What part of the country did you rain gutter clearers/job quitters get sober in, anyway?

by Anonymousreply 488May 25, 2018 2:45 AM

r485 also claims he was ostracized in AA for not leaving his nice apartment and moving into a humbler one...in squalor, or something.

It all sounds very dramatic!

by Anonymousreply 489May 25, 2018 2:48 AM

Where do these people live?

by Anonymousreply 490May 25, 2018 2:54 AM

I don't think they live anywhere but in the posters imagination.

by Anonymousreply 491May 25, 2018 2:55 AM

R489, it was very dramatic and that is why I left the program.

No one asked me to move into squalor. It was more of a lateral move, to show that I was willing to take direction and go to any lengths to get clean and sober. Or it may have been part of step three willingness—I do not exactly remember.

Most of what they asked was pretty non-sensical.

And no, I was never asked to clean my sponsor’s rain gutter, but I was expected to help him clean out his garage and do his gardening with him.

I do disagree that the sponsor/sponsee relationship is not about subjugation. No one will admit it, but that is exactly what it is about. When you admit that your life is unmanageable and let someone else do some of the management, what else is that buy subjugation?

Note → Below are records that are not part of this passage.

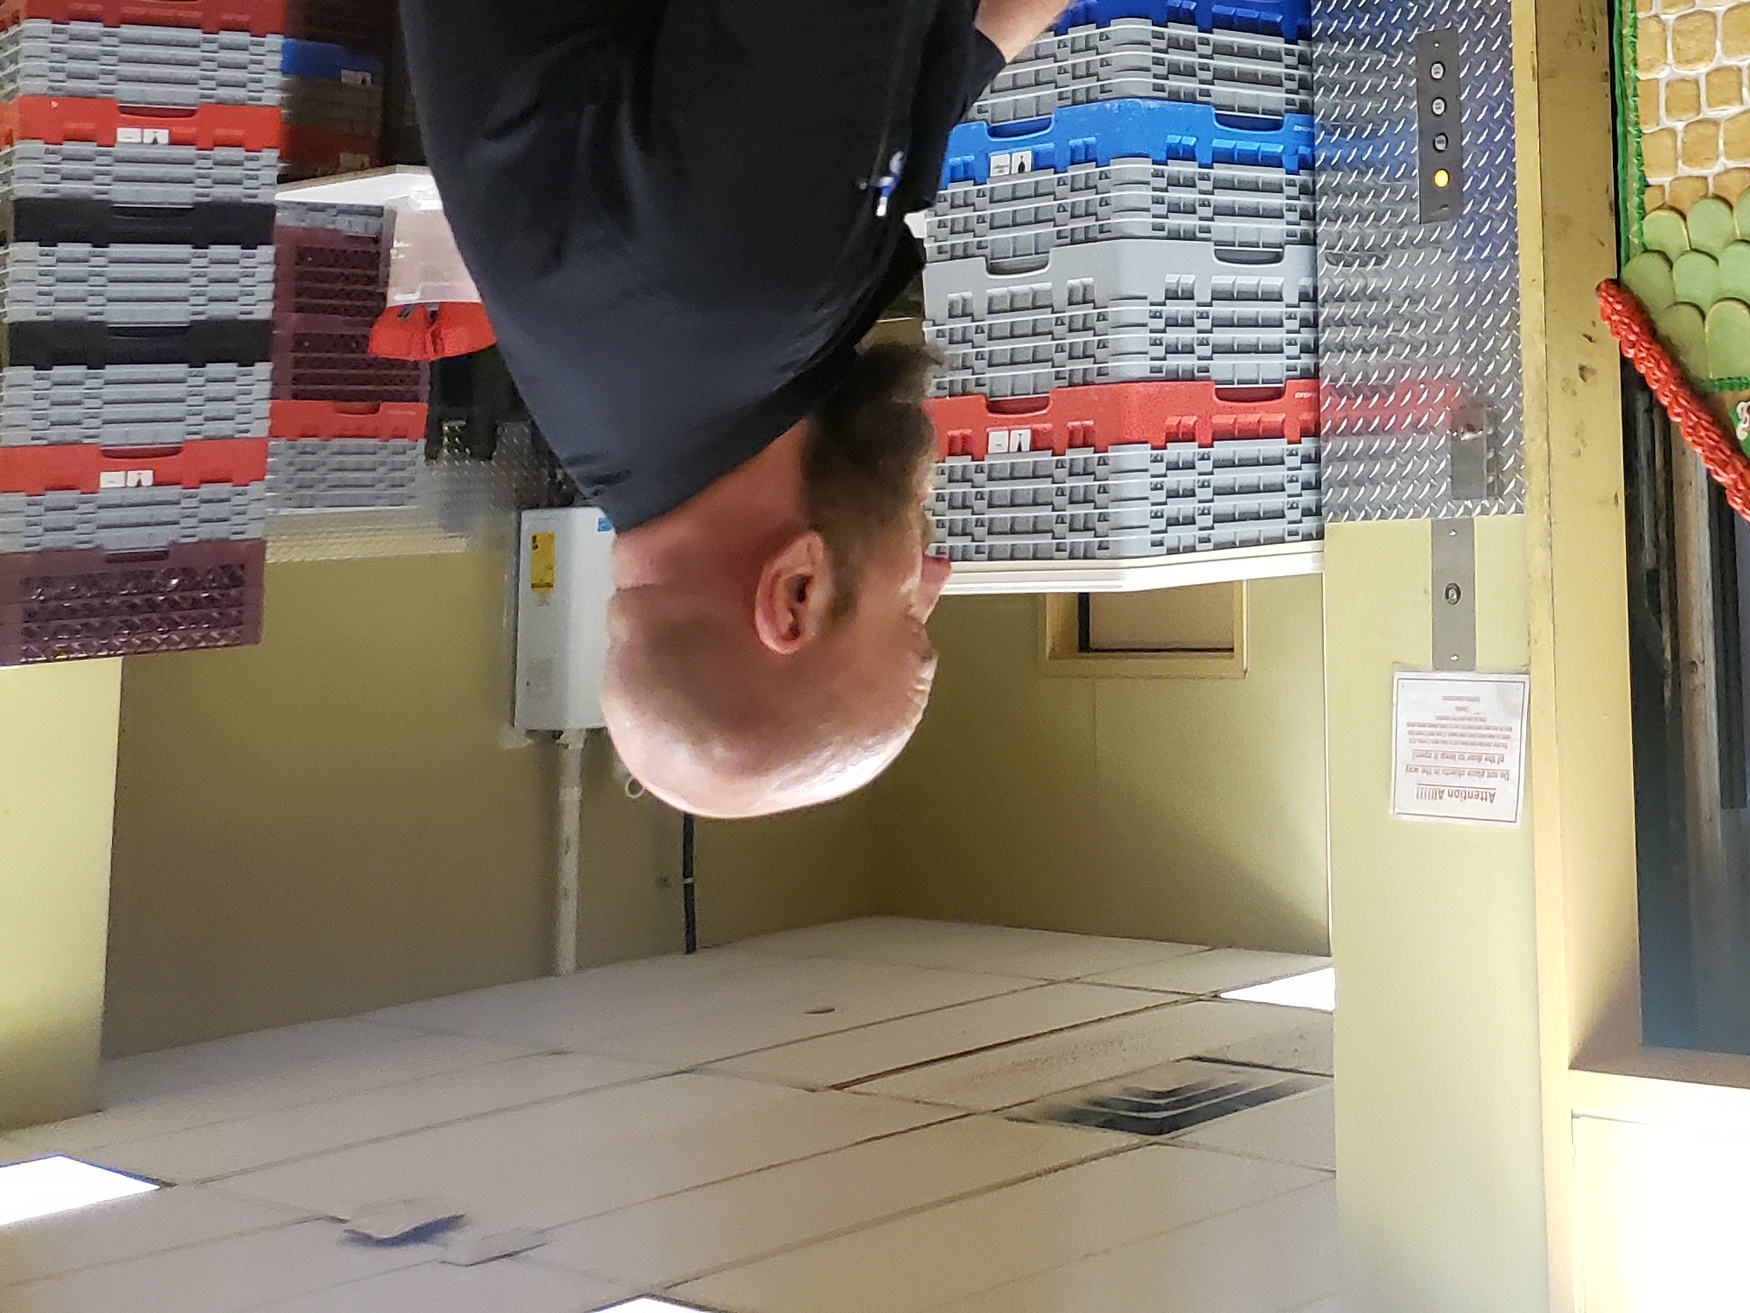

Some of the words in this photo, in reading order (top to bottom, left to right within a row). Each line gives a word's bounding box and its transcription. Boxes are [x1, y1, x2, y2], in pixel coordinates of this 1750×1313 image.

[1440, 752, 1456, 761] keep
[1467, 755, 1482, 763] door
[1485, 755, 1496, 764] the
[1497, 755, 1504, 765] of
[1405, 765, 1419, 773] way
[1421, 768, 1432, 776] the
[1442, 768, 1465, 778] objects
[1467, 770, 1485, 779] place
[1500, 772, 1509, 781] Do
[1448, 789, 1496, 804] Attention

Contrary to what was said earlier, sponsorship is barely discussed in the literature. Sponsors are not referred to in the Big Book, but are mentioned in the 12 and 12. However, the 12 and 12 does not get into the practicalities of the relationship….or the steps for that matter. AA does not specify how to do any steps before the 4th, so how a sponsor chooses to work them is up to the individual sponsor. How exactly a sponsee is supposed to demonstrated that they have done the step is up to the sponsor.

I thought the whole thing would keep me sick, and I wanted to be well, so I left.

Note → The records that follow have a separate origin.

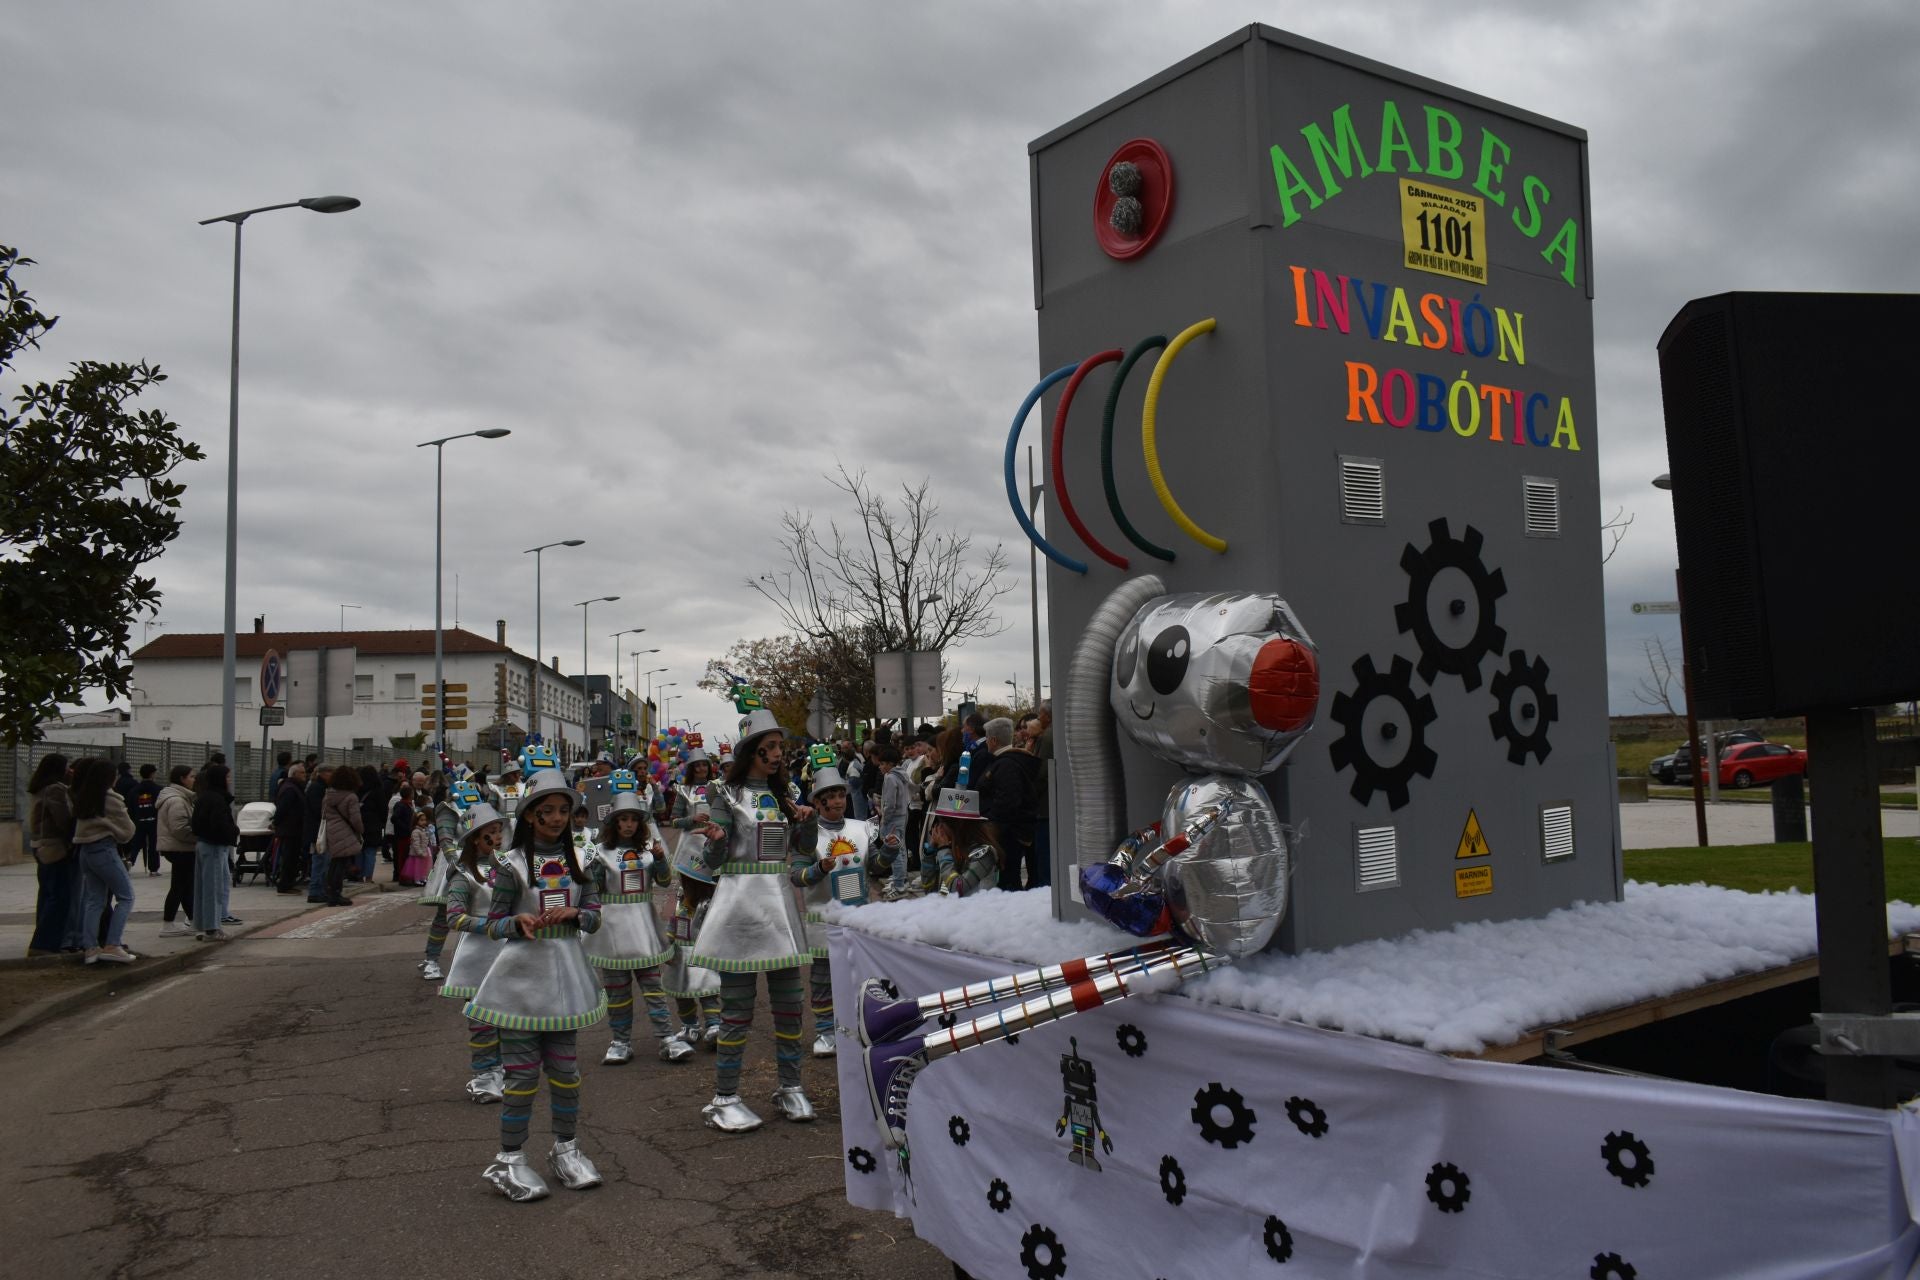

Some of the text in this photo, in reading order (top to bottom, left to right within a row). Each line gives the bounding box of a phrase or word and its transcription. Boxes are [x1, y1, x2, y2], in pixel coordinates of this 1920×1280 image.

[1269, 100, 1580, 288] AMABESA
[1407, 185, 1477, 212] CARNAVAL 2025
[1421, 201, 1467, 218] MIAJADAS
[1416, 209, 1474, 261] 1101
[1289, 265, 1525, 365] INVASIÓN
[1344, 361, 1581, 451] ROBÓTICA
[1459, 869, 1489, 880] WARNING

by Anonymousreply 492May 25, 2018 3:15 AM

[quote]R492 Contrary to what was said earlier, sponsorship is barely discussed in the literature.

R487 links to AA literature that's specifically about sponsorship, copyright 1976.

I guess your supposed experience was before then?

by Anonymousreply 493May 25, 2018 3:25 AM

I never saw anything like that thing linked. AA is pretty strict about what is allowed into meetings. It is the Big Book, the 12 &12, and Daily Reflections. Even Bibles and other spiritual books were verboten., Not sure where you would find something like that.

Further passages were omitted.